Wólnicki powstrzymał się od pytania, skąd wie, że Krzewca ktoś kropnął, zdawał sobie bowiem sprawę i upływu czasu i szybkości, z jaką sensacyjne wieści rozchodzą się po ludziach. O śmiertelnym zejściu partnera mogło pana prezesa poinformować już ze dwadzieścia osób, a możliwe, że i sto. Wolał od razu przejść do świadków.
– No właśnie – rzekł konfidencjonalnie. – To świadkowie. Poufnie to panu mówię, ale istnieją podejrzenia, że ktoś z tych świadków trochę się przyczynił.
– Ale co też pan…!
– O wszystkich pan wszystko wie? Sami przyjaciele?
W tym momencie podsłuchująca pilnie małżonka pana prezesa wtargnęła na oszkloną werandę, służącą do picia śniadaniowej kawki. Strój miała na sobie poranny, coś w rodzaju połyskującego srebrną nicią kimona, makijaż nieskazitelny, ogólna zawartość kimona zaś wydawała się wysoce apetyczna i pełna życia. Wólnicki ocenił ją na trzydzieści pięć i pomylił się tylko o pięć wiosen.
– O, żadne takie! Ty tu, Włodziu, tak zaraz nie zaświadczaj za ludzi! My nic nie ukrywamy – zwróciła się z energią do komisarza – ale obcy ludzie też patrzyli, a skąd mój mąż ma znać obcych ludzi? Gapią się różni, może się gapić i złodziej, i morderca! Mój mąż to jak dziecko, nawet głowy nie odwróci, choćby tam, kto warczał i szczekał…!
– Ależ Lusieńko…
Lusieńka zawinęła się ekspresowo, sięgnęła do barku, nalała sobie koniaczku i już siedziała przy śniadaniowym stoliku, Wólnicki ledwie zdążył wykonać wszystkie eleganckie, powitalne gesty. Szczekanie go nieco zaintrygowało.

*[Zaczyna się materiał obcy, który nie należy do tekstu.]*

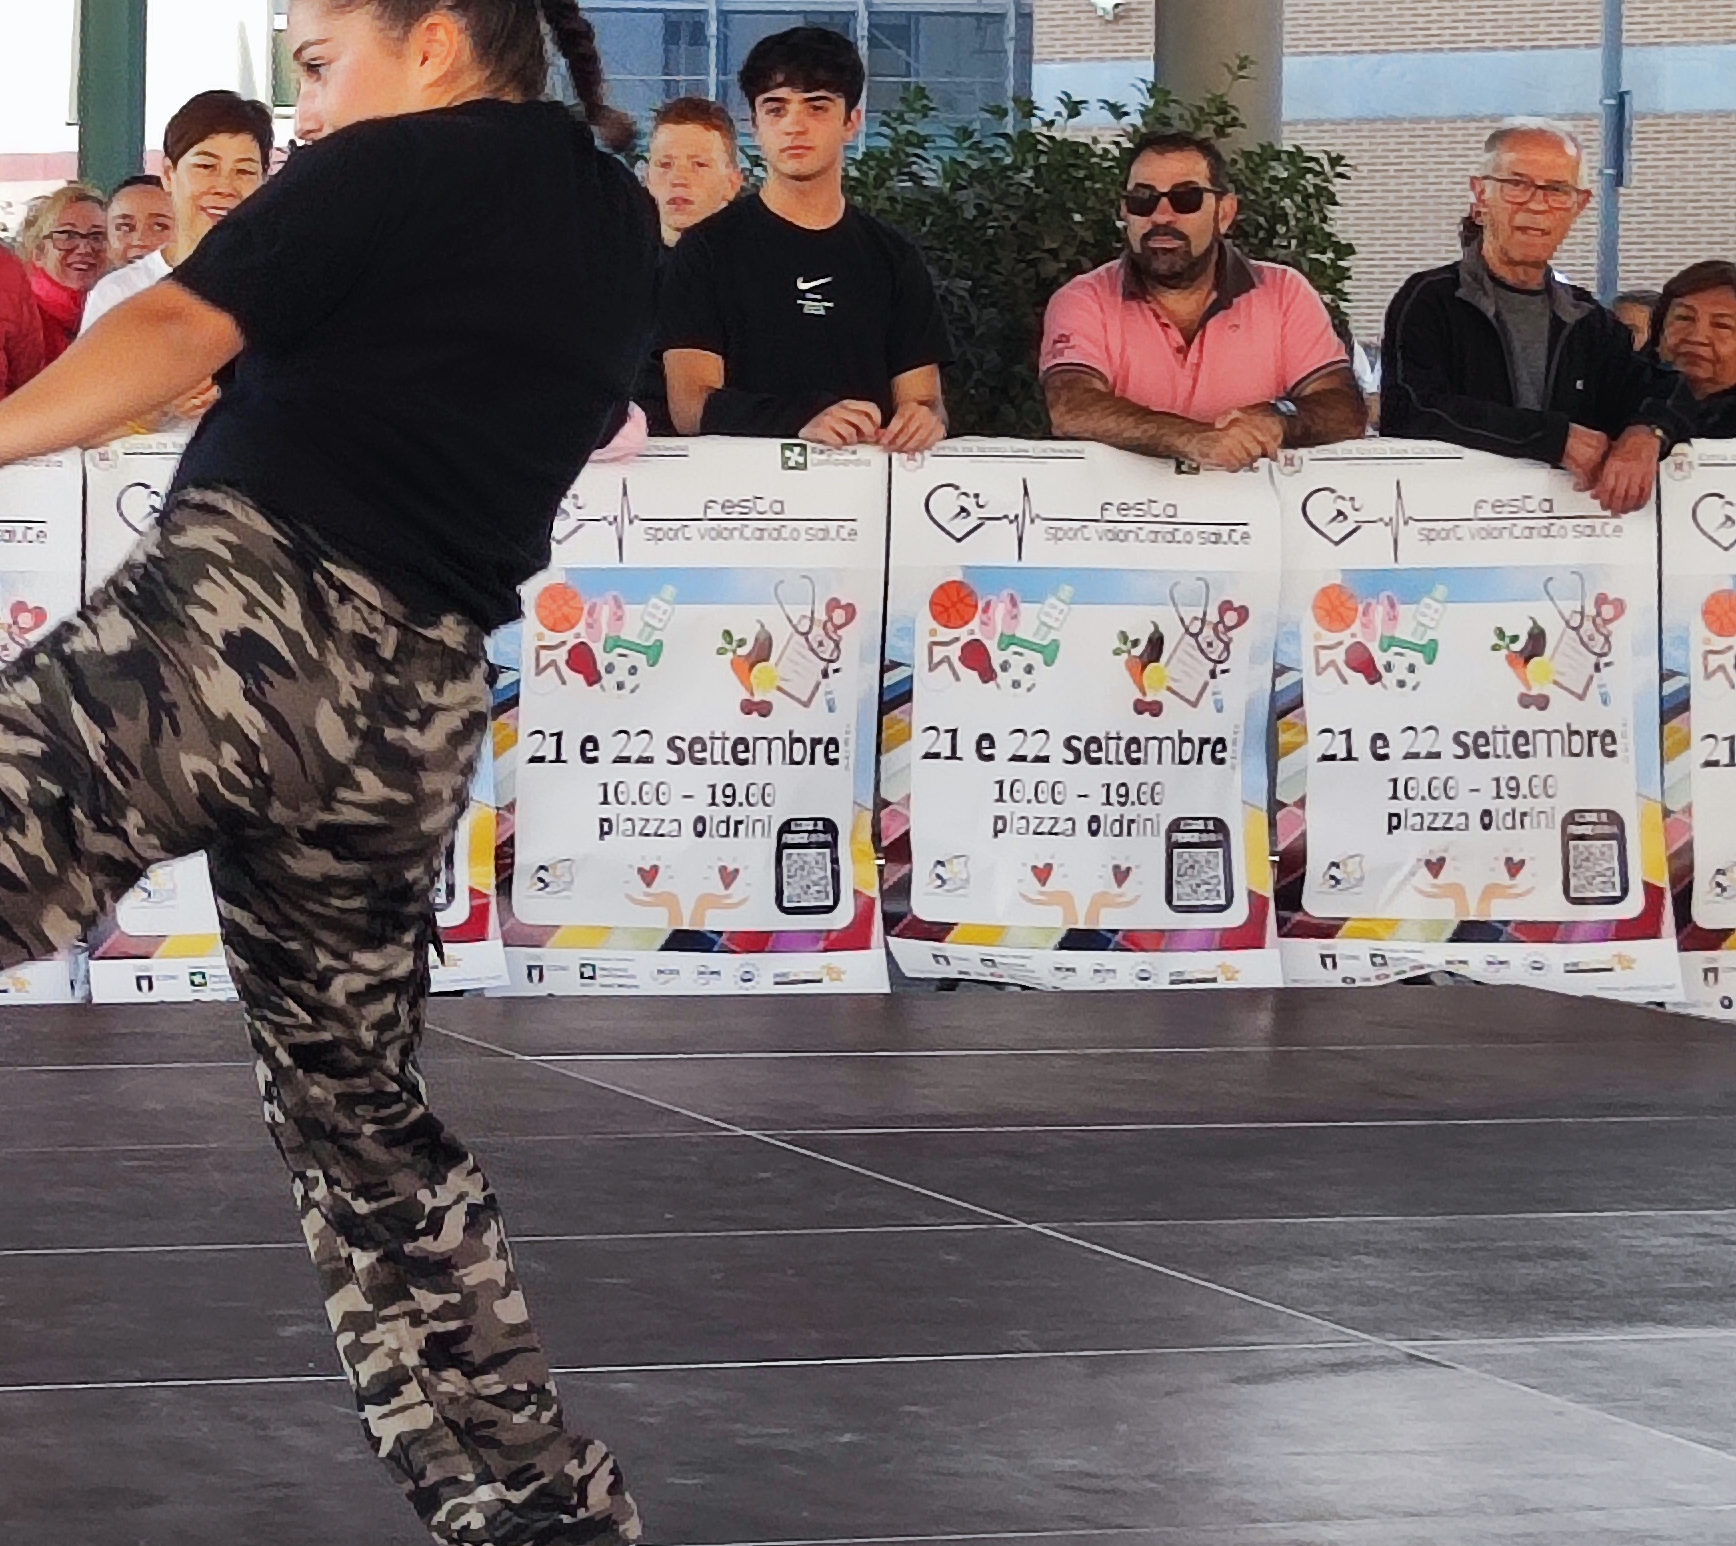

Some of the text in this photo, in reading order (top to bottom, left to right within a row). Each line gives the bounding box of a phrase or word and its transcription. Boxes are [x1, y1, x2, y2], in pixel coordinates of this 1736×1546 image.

– Mnie niech pan pyta! – zarządziła. – Oni po tym tenisie to nie powiem, co widzą, pot im oczy zalewa, ale ja, co widzę, to widzę. Że tu stali i siedzieli znajomi, to jedna sprawa, nawet się Bolcio ze Szczepanem zakładał, który wygra, ale za ogrodzeniem też patrzyli, Bukielak z psem przylazł i tylko psa zdenerwował, bo mu się do piłki wyrywał, a on go trzymał…
Przez dwie sekundy Wólnicki miał w oczach obraz tego jakiegoś Bukielaka, który wyrywa się trzymającemu go psu, ale zaraz się opamiętał.
– … a nawet żaden nie spojrzał, że do Mirka samochodu już się pokraka zakradała! I Mirek spojrzał dopiero, jak ten rechot usłyszał!
Przerwa na chlupnięcie sobie koniaczku została szybko wykorzystana przez pana prezesa.
– Moja żona jest ogromnie spostrzegawcza, może nawet nadmiernie, ale ja wszystkie nazwiska podałem temu panu z policji, który tu nas pytał…
– Ale mnie nie pytał! Nawet nie wiedziałam, że był!
– … i wszystkie zapisał. Nawet nasza gosposia zeznała, nawet ogrodnik…
– Dużo Jasio wie! – wskoczyła znów w zeznania pani domu z gniewem i wzgardą w odniesieniu do wiedzy ogrodnika. – Gienia owszem, nie powiem, ale z kuchni mało widać. A ja tu byłam i ślepa nie jestem! Tam samochody stały – wskazała palcem w kierunku, gdzie i Wólnicki zaparkował – a ona tak z tyłu, w kucki prawie, ukradkiem. I nic mi nie powiedzieć tyle czasu, żeby nie Gienia, do dziś bym nie wiedziała, że takie piękne śledztwo się robi!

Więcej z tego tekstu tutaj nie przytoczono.